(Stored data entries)
((

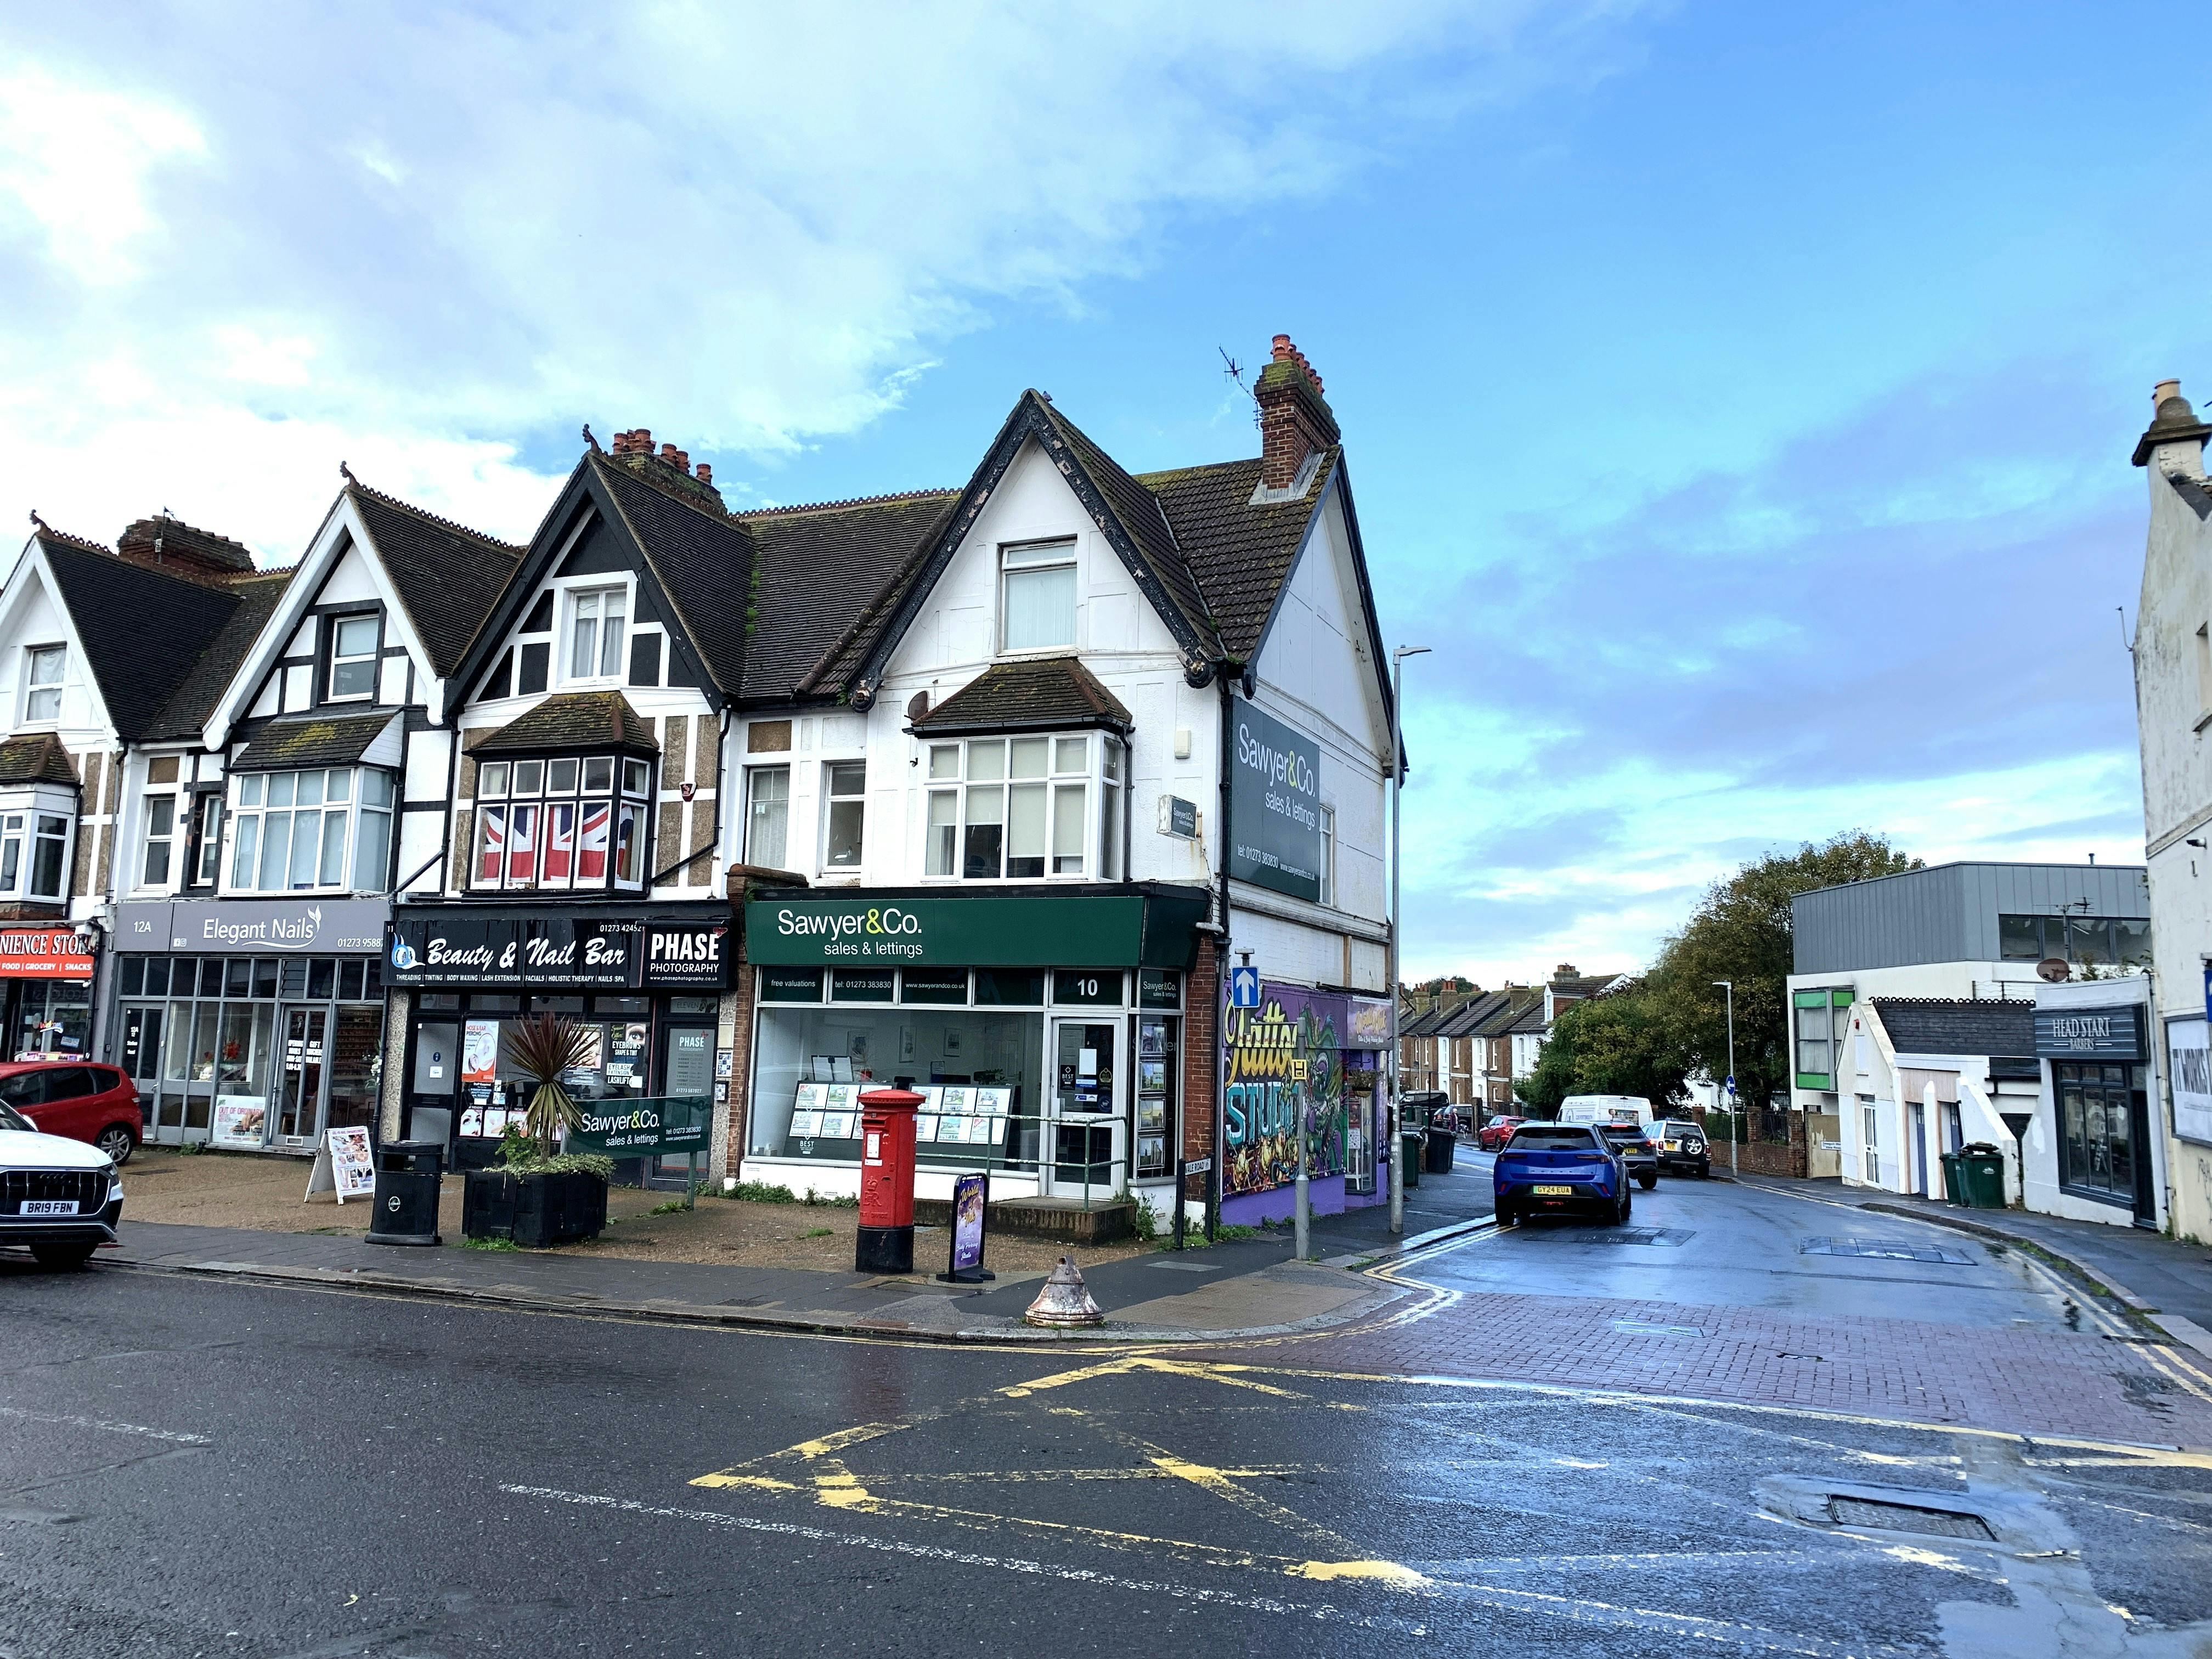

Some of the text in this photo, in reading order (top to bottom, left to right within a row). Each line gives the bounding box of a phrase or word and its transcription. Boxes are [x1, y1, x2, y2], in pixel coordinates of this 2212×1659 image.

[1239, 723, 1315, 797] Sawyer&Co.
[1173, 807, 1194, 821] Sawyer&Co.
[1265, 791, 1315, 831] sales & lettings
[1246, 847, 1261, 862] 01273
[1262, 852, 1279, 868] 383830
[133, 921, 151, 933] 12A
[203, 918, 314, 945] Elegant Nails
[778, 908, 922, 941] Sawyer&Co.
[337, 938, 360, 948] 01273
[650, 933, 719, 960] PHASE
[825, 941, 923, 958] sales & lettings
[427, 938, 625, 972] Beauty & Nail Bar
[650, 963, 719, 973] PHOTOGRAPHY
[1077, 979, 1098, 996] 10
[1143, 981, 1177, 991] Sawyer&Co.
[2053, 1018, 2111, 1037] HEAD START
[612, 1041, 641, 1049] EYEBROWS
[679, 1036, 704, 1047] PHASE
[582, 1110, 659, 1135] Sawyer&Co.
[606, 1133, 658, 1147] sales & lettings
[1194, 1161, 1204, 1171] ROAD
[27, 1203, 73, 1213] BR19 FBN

))

### Your goal:
In the copy you write, the data above must appear exactly, with no pictures.

### Your solution:
Some of the text in this photo, in reading order (top to bottom, left to right within a row). Each line gives the bounding box of a phrase or word and its transcription. Boxes are [x1, y1, x2, y2], in pixel coordinates of this 2212×1659 image.

[1239, 723, 1315, 797] Sawyer&Co.
[1173, 807, 1194, 821] Sawyer&Co.
[1265, 791, 1315, 831] sales & lettings
[1246, 847, 1261, 862] 01273
[1262, 852, 1279, 868] 383830
[133, 921, 151, 933] 12A
[203, 918, 314, 945] Elegant Nails
[778, 908, 922, 941] Sawyer&Co.
[337, 938, 360, 948] 01273
[650, 933, 719, 960] PHASE
[825, 941, 923, 958] sales & lettings
[427, 938, 625, 972] Beauty & Nail Bar
[650, 963, 719, 973] PHOTOGRAPHY
[1077, 979, 1098, 996] 10
[1143, 981, 1177, 991] Sawyer&Co.
[2053, 1018, 2111, 1037] HEAD START
[612, 1041, 641, 1049] EYEBROWS
[679, 1036, 704, 1047] PHASE
[582, 1110, 659, 1135] Sawyer&Co.
[606, 1133, 658, 1147] sales & lettings
[1194, 1161, 1204, 1171] ROAD
[27, 1203, 73, 1213] BR19 FBN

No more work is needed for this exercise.